I tried the following code to convert a number from base-10 to another base. it works if there is no zero(0) in the destination base. check 79 and 3 and it properly prints 2221 which is correct.
now try number 19 and 3, the result would be 21 instead of 201 which indicates something's wrong.
int x, y, a = 0, i, t, j;
cout << "enter two numbers" << endl;
cin >> x >> y; // x as the number in base-10 and x, as the destination base
a = x;
while (x >= y)
{
t = 1;
for (i = 0; x > y; i++)
{
x /= y;
}
cout << x;
for (j = 0; j < i; j++)
{
t *= y;
}
a = a - (t*x);
x = a;
}
cout << x<<endl;
Using a recursive function is easier than using a while loop for what you are trying to accomplish.
Here's working program.
#include <iostream>
void printInBase(int x, int y)
{
if ( x < y )
{
std::cout << x;
return;
}
int rem = x%y;
printInBase(x/y, y);
std::cout << rem;
}
int main()
{
int x, y;
std::cout << "enter two numbers" << std::endl;
std::cin >> x >> y; // x as the number in base-10 and x, as the destination base
printInBase(x, y);
std::cout << '\n';
}
int x, y, a = 0, i, t, j;
cout << "enter two numbers" << endl;
cin >> x >> y; // x as the number in base-10 and x, as the destination base
a = x;
t = 1;
while (x >= t*y)
{
t = t * y;
}
while (t)
{
cout << x/t << ' ';
x -= t*(x/t);
t /= y;
}
cout << '\n';
basically you weren't keeping track of what digit you were printing out, and your code can't tell when it would need leading zeroes. You could fix that by printing something like 2*(3^2) + 1*(3^0) or by figuring out how many digits you need in advance as I did in the above code.
Despite it could work, there is something conceptually wrong in this approach: you are essentially confusing numbers (the subject of arithmetic operations) with their textual representation (the sequence of digits used to represent them).
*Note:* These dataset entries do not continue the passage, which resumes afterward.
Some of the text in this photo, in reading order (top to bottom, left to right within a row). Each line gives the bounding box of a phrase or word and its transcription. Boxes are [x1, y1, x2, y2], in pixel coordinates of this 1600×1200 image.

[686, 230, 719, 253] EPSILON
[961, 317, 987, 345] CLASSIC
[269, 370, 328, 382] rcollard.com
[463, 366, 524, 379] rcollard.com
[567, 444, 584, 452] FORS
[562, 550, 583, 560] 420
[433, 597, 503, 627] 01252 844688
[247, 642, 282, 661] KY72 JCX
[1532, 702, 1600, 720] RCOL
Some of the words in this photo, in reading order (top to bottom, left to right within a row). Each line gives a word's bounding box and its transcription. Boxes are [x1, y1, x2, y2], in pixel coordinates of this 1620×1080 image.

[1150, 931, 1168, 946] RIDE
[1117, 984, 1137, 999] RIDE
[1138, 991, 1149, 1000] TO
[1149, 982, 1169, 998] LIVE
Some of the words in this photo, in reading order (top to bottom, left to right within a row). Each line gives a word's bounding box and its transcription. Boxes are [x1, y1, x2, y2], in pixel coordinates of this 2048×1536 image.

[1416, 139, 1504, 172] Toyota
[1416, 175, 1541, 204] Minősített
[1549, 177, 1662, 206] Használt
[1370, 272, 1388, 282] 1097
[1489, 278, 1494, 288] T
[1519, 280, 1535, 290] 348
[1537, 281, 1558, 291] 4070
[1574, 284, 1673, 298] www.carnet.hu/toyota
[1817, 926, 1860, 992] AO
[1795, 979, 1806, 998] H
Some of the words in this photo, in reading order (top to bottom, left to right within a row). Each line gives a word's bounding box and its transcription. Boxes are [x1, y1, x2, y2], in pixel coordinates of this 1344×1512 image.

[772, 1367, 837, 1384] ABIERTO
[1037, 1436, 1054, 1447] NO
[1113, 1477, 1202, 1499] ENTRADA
The type int -by an external point of view- does not have a "base" (int will most likely have a base-2 internal representation, that's functional to the purpose to be manipulated by the arithmetic unit circuitry): it's just a thing to be added, subtracted multilyed, divided, and-ed, xor-ed etc.
When you do cout << a what << do, is convert the a number to a sequence of digit representing it into something readable. By default it happens to do it in base-10 digit represented as ASCII characters ('0'...'9').
What you are doing is convert a number into another number whose decimal representation resemble the base you are mapping. It can work in printing, but there is no arithmetic that can work with it. So int is not a correct representation for them.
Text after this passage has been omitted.